MATERIALS AND METHODS

Protein structure networks and elastic network models

ProSNEx offers the construction of several types of unweighted and weighted networks. Unweighted networks can be constructed by selecting one of the four methods for edge assignment between nodes (carbon-alpha, carbon-beta, atom-pair interaction and interaction strength). In the carbon-alpha and carbon-beta networks, only carbon-alpha or carbon-beta atom positions from the input PDB structure are used to specify the edges in the network, respectively. Edges between nodes are added only if two atoms are closer than the user-specified threshold (cutoff) distance.
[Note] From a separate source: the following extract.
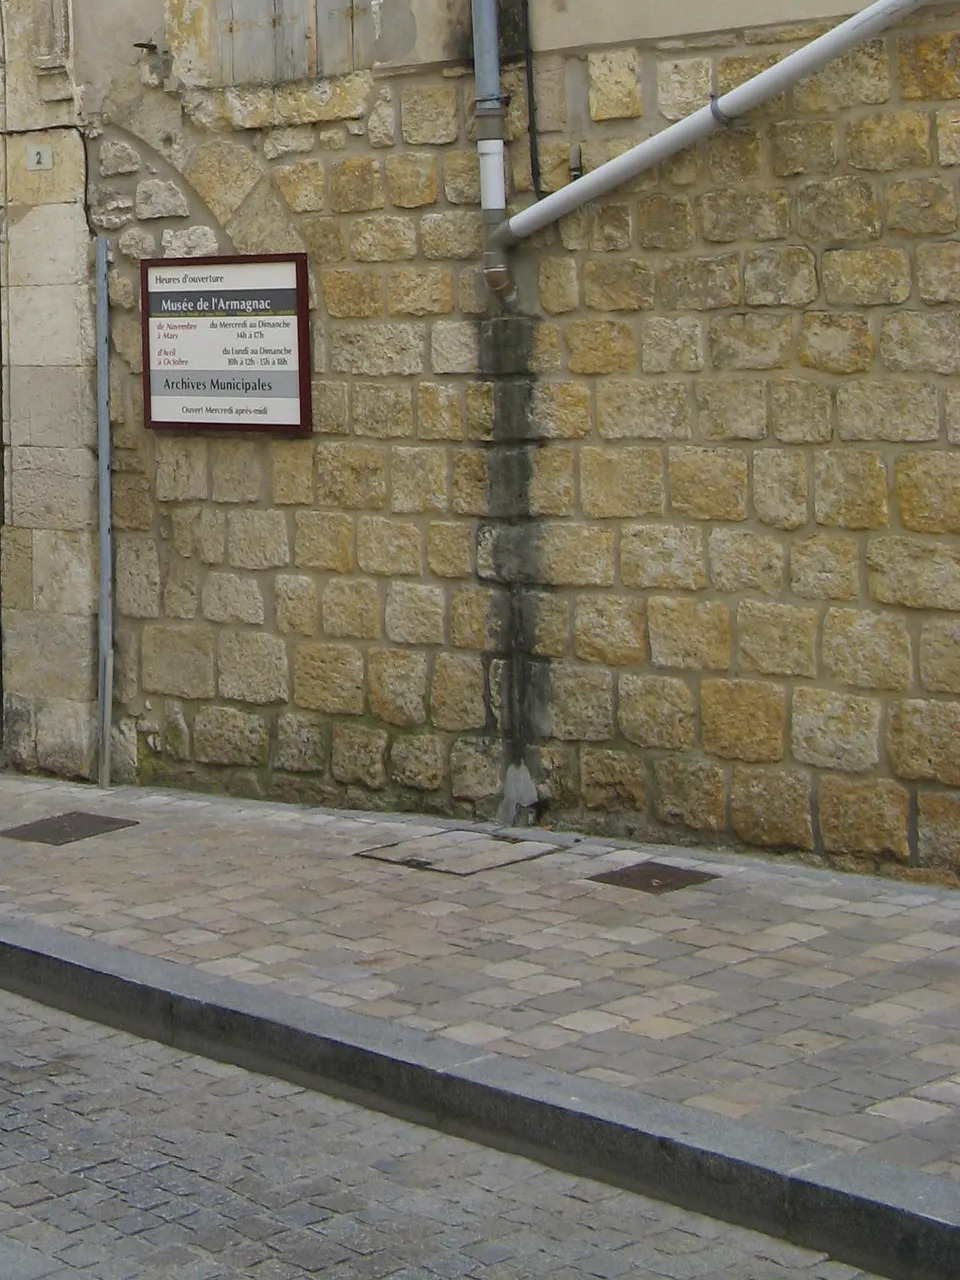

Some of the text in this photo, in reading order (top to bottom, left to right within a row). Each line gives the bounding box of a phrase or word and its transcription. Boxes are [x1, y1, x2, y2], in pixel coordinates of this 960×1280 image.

In the atom-pair interaction network, edges between nodes are added if at least one atom from a residue is closer than the user-specified distance threshold to at least one atom from another residue. In the interaction strength network, edges between nodes are added only if the interaction strength is higher than the user-specified threshold. The interaction strength calculations are based on (34). Once the network edge assignment type is selected, ProSNEx can also assign weights to edges, yielding a weighted network. Here, four options are offered to the user. Using either one of the first two options; the user can construct a weighted PSN by extracting weights from DCCMs calculation from of GNM/ANM simulations or the NMA method of Wako et al. (76–78). In the latter case, normalized and time-averaged cross-correlations, as reported at the Promode-elastic database of PDB Japan, are used (77,79). Hence, this option is not available for custom PDB files. The GNM and ANM calculations are performed by ProSNEx server. In the third option, the user is given the option to choose average force-field based interaction energies from a MD simulation trajectory as edge weights to construct a PEN. Here, average interaction energies in the file format returned by gRINN (31) is accepted. In the last option, the interaction strength values are taken from (80). Following network construction, global and local network metrics are calculated. Specifically, average degree, path length, network density, clustering coefficient as well as node (residue)-centric metrics including node degrees, betweenness-centrality and closeness-centrality are calculated and reported. Additionally, shortest path between two selected nodes and k-cliques are calculated as well.

Sequence conservation profiles, protein annotations and interatomic interactions

If available, ProSNEx retrieves sequence conservation from the CONSURF database (CONSURF-DB), which includes conservation scores calculated by the CONSURF method (81–83). If the user supplies a custom PDB file instead of a PDB access code or if no CONSURF score is available at CONSURF-DB for the given PDB access code, an option to import conservation scores in the format returned by the CONSURF server is available following network construction. ProSNEx also retrieves annotations (if available) from the Uniprot database, including sequence variants, mutagenesis experiment results, etc. (84,85). Finally, interatomic interactions within the input structure are retrieved by using Arpeggio and annotated on the network structure (86).

RESULTS

Use case: investigating the sequence–structure–dynamics relationships in TEM-1 β-lactamase

We demonstrate the use of ProSNEx server for investigating the sequence–structure–dynamics relationships in a TEM-1 β-lactamase enzyme from Escherichia coli. ProsNEx main page includes a simple interface for entering a PDB code, selection of protein chains (if applicable) and network settings, respectively. (Figure 1A-B). Starting from a TEM-1β-lactamase structure (PDB code: 1ZG4), a weighted PSN (carbon-alpha network, threshold distance: 7 Å) was constructed using cross-correlations from an ANM simulation (threshold distance: 15 Å) as edge weights.
Figure 1.

(A) Select PDB window. (B) Network settings specification window (C–E) 3D structure of the molecule, Analysis Tools and Residue Interaction Network windows.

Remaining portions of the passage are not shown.